Love pouted. “Will you get an adjournment tomorrow?”

“Oh, certainly. Not for long, though. Gwill was a fairly important fellow. There’ll be some pressure to have him put under without any unseemly inquiries. We shall have to produce a convincing argument within the next week or so.”

“There’s the point about the marshmallow, or whatever it was.”

Purbright waved his hand contemptuously. “I can just hear old Albert on that...‘Eatin’ sweets, was he, eh? And why not, eh? Better than drinkin’ himself silly.’ ”

The inspector’s opinion of Mr Albert Amblesby was well founded. Flaxborough’s coroner was an ancient of such obtuseness that the inquiries over which he presided were liable to deteriorate into ill-tempered games, with Mr Amblesby inventing new rules and breaking old ones, deriding what he couldn’t understand and generally playing hell until he could glare around his court and judge from the silence of the other angry, unhappy or bewildered contestants that he had won.

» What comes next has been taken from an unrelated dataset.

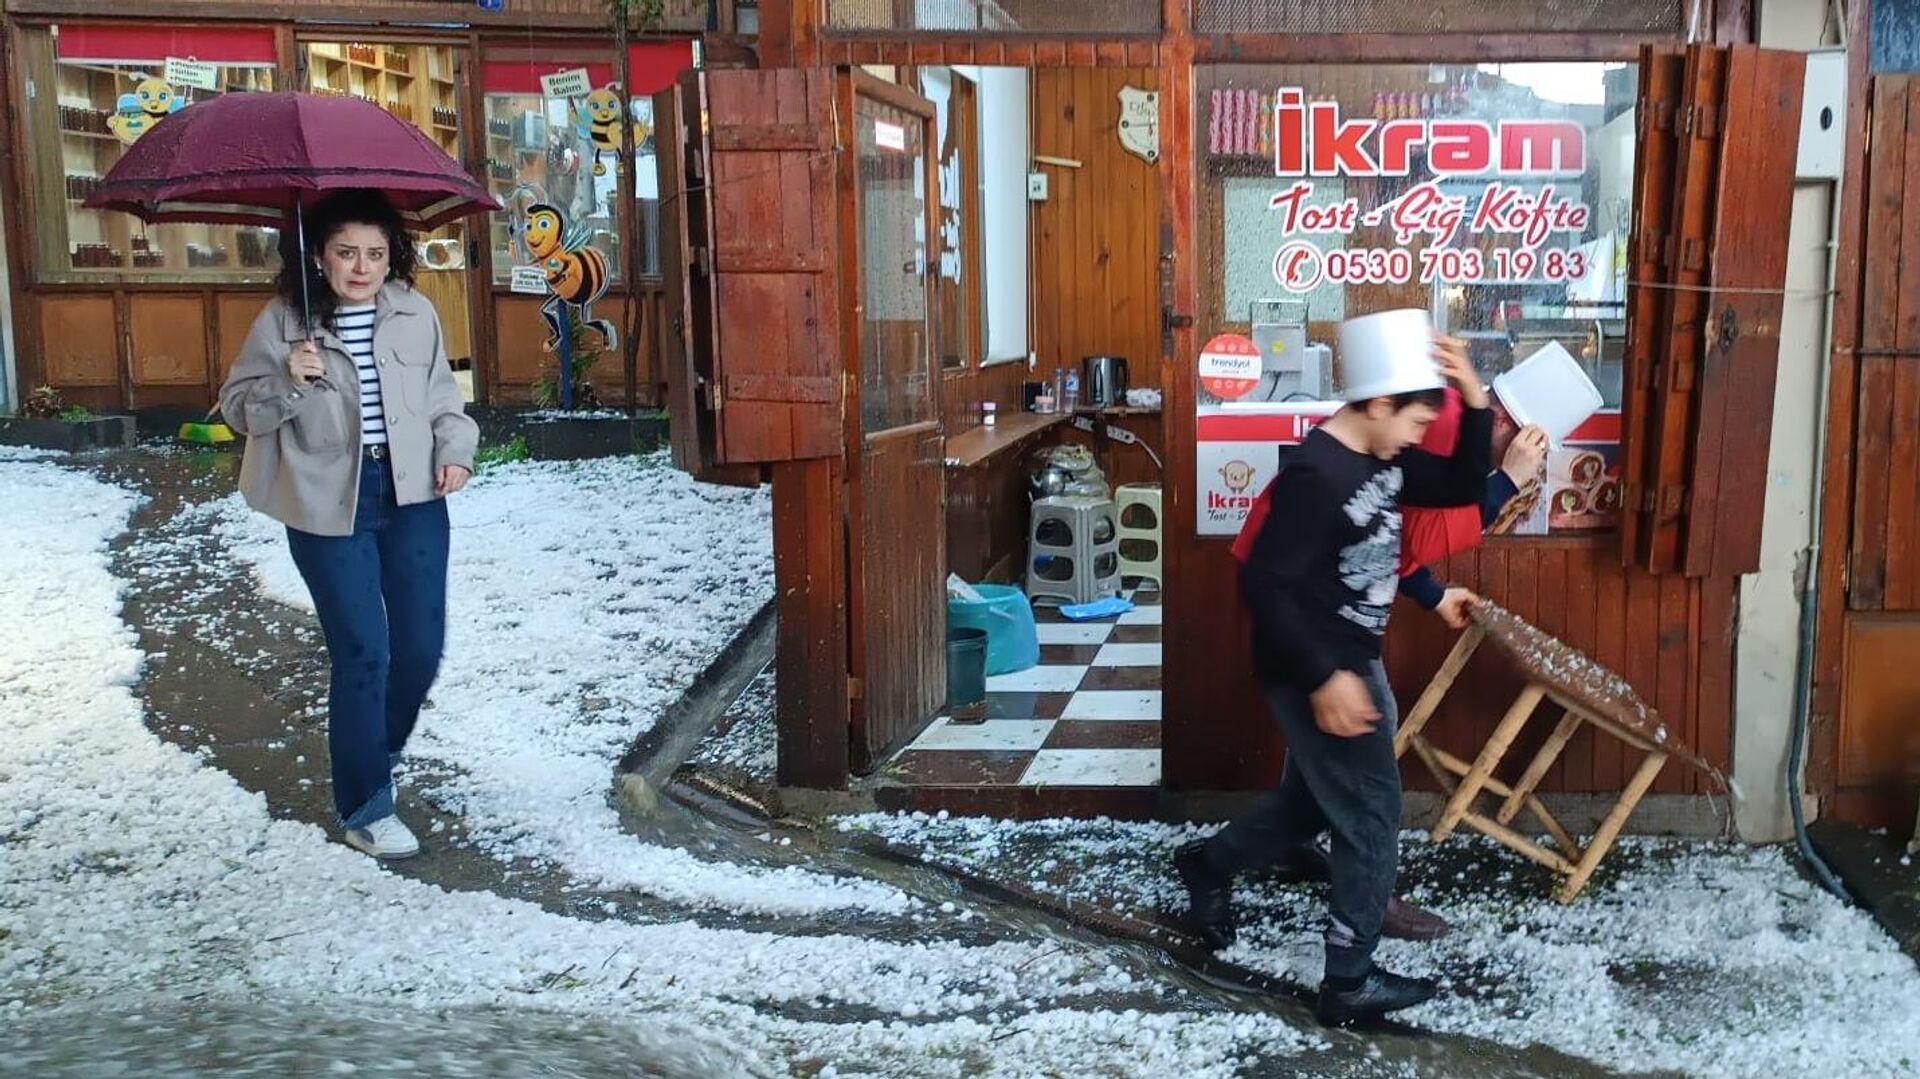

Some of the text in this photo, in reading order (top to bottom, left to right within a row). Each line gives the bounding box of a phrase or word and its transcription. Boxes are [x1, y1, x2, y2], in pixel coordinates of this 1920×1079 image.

“You’d better ask Malley to come in. He might know something that will give us a lead.”

Love returned with the outsize Coroner’s Officer, breathing hard.

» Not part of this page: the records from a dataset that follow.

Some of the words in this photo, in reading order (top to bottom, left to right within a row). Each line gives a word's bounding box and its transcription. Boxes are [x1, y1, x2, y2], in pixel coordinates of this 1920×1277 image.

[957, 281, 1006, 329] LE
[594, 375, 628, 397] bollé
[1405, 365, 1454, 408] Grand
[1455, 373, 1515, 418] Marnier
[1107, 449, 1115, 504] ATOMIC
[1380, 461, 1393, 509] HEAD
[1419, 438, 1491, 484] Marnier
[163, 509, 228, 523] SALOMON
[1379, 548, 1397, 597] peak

Sergeant Malley seemed pleased rather than surprised by Purbright’s suspicion. “Murder,” he observed, “wouldn’t half be a nice change.”

“What do you know about Gwill’s affairs?” Purbright asked him.

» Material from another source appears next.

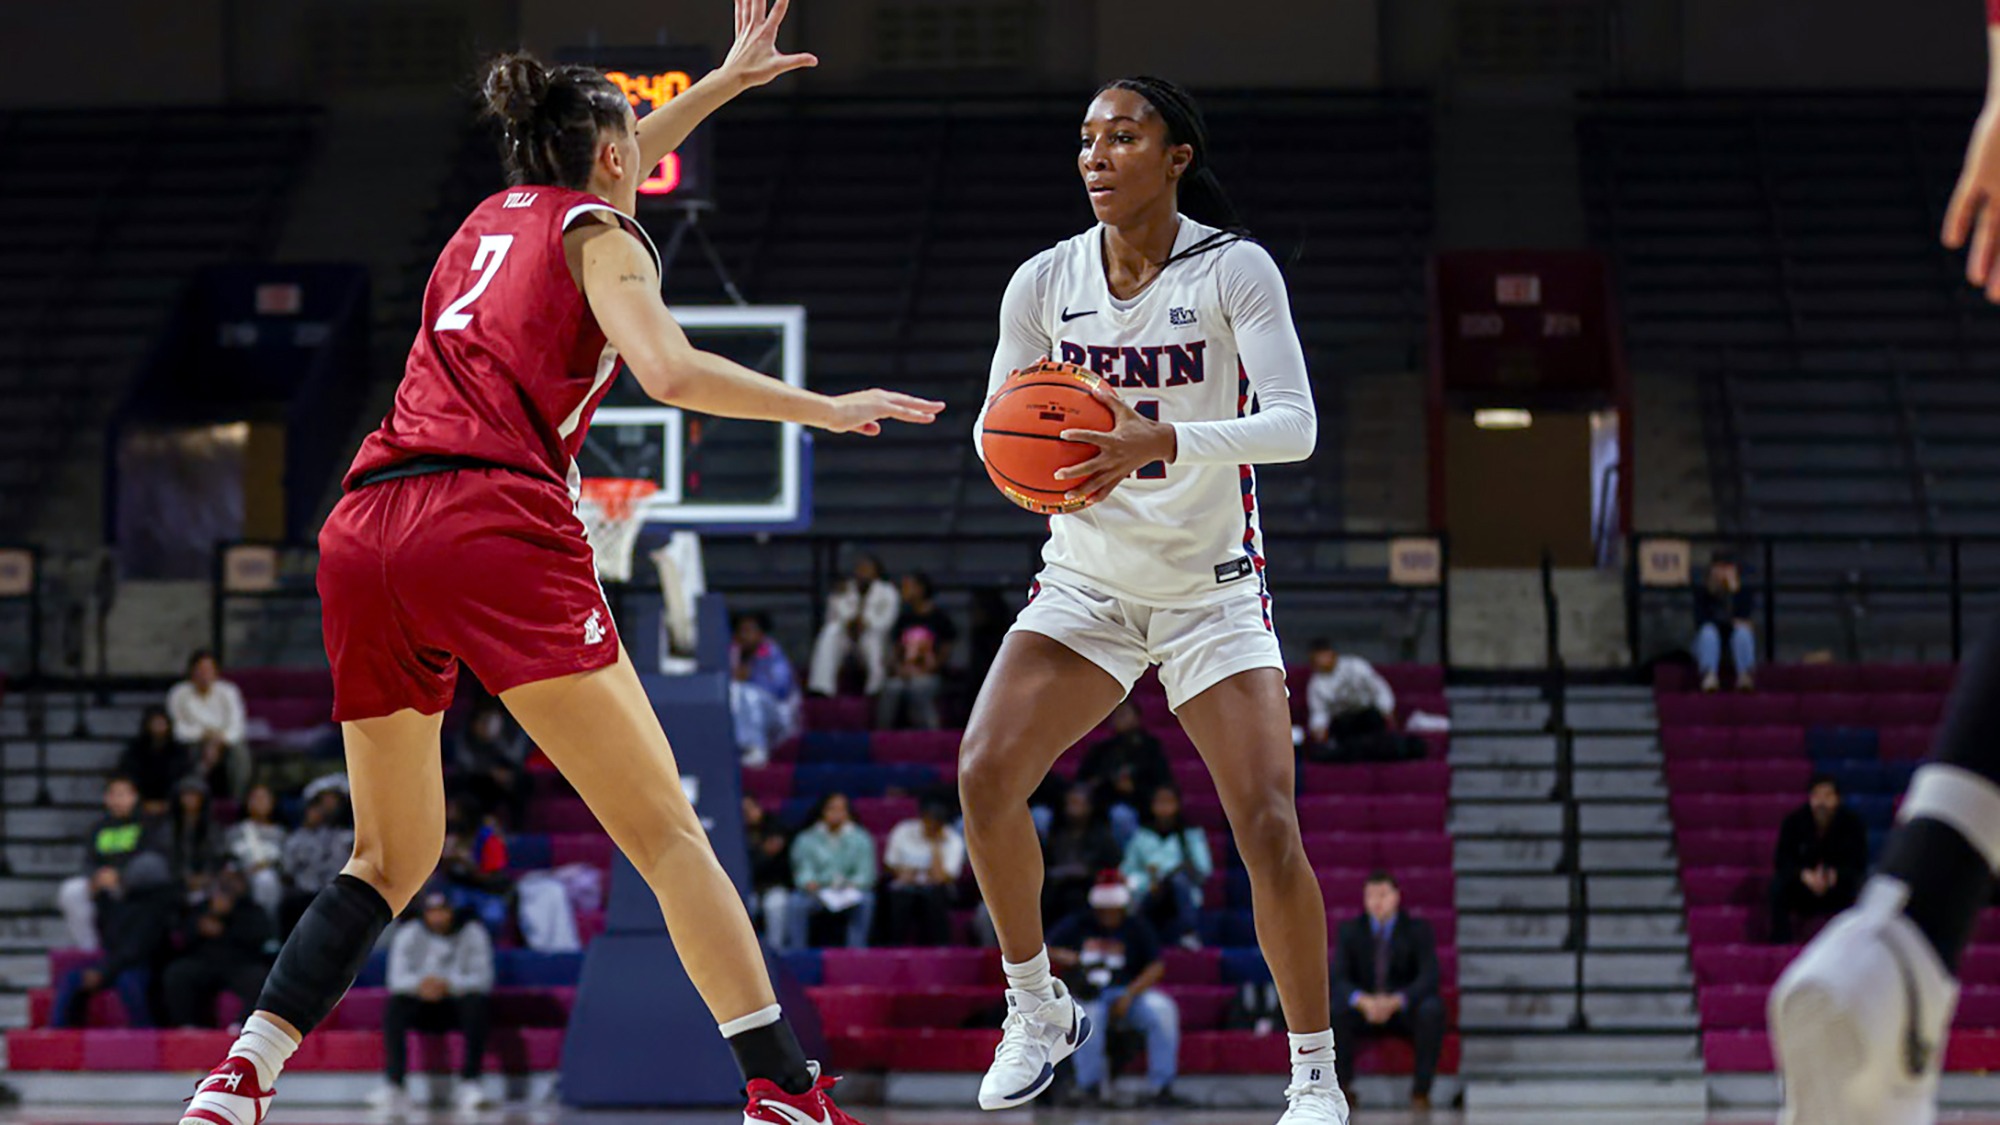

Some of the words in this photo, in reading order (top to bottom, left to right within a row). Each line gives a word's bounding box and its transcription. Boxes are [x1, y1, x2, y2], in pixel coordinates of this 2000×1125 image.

[502, 192, 539, 208] VILLA
[433, 234, 514, 331] 2
[1060, 340, 1207, 388] PENN

“Not a deal. He kept very much to himself. Rather a gloomy chap, I always thought. He was supposed to be carrying on with that Carobleat woman, you know. Not that that would have set anyone on fire, I expect. Anyway, not once her old man had upped and died. He had plenty of money, of course—Gwill, I mean. Or so they say.”

“But he didn’t collect jealous husbands?”

“Not as you’d notice.”

“Did he have any other kind of enemies, do you know?”

Malley pursed his lips. “Well...put it this way. Nobody liked him. Does that help?”

“Enormously,” said Purbright. “I do like a big field.”

Love spoke. “But he had a circle of friends, surely?”

“Oh, yes,” said Malley. “Circle is the word.”

“Exclusive?”

“Like the reptile house.”

“Come now,” protested Purbright, “we must try to be objective about this. The list the wild-eyed housekeeper gave me was respectable enough. Wait a minute...” He took an envelope from his pocket. “Yes, there’s a doctor for a start. Hillyard—you know him?”

“Dipsomaniac,” retorted the unrepentant Malley.

“Medical Officer of Health-elect,” said Purbright, comfortingly. “Then there’s Bradlaw the burier. Blameless, surely. We’ve nothing on Nab Bradlaw, have we?”

Love shook his head. Malley grunted.

Again Purbright glanced at the list. “Rodney Gloss, man of law.”

“Straight as an acrobat’s intestines.” This from the stout sergeant.

Purbright sighed. “I think,” he said, “that we can start from the sound assumption that people seldom get themselves murdered by complete strangers. At the same time, we shall need to begin inquiring into what, if any, were Gwill’s departures from the normal and legitimate. Also, I propose to have a word with the Chief Constable and try and persuade him—God give me strength—that there is good reason to suspect that Gwill was done.

“And we needn’t hope to be spared trouble by old Chubb deciding to ‘call in the Yard’, as I believe the phrase goes. For one thing, he likes to keep misfortune in the family. For another, he’d probably be hesitant to bother such a busy man as Sir Robert Peel.”

Chapter Four

While Purbright was fortifying himself with food against the approaching ordeal by Chief Constable, Mr Harcourt Chubb, himself—a slow thinker and late eater—listened to a lawyer’s tale.

It was Mr Rodney Gloss who had called upon him.

The Chief Constable, silver-haired, composed and misleadingly aesthetic-looking, regarded his visitor with polite attention and a perpetual half-smile.

Gloss had put himself at a disadvantage by accepting a seat before he remembered that the Chief Constable habitually remained standing, even in his own drawing room. He was, therefore, obliged to crane a bull-like neck in order to keep Chubb in the focus of his little fierce eyes.

The solicitor spoke quietly and carefully.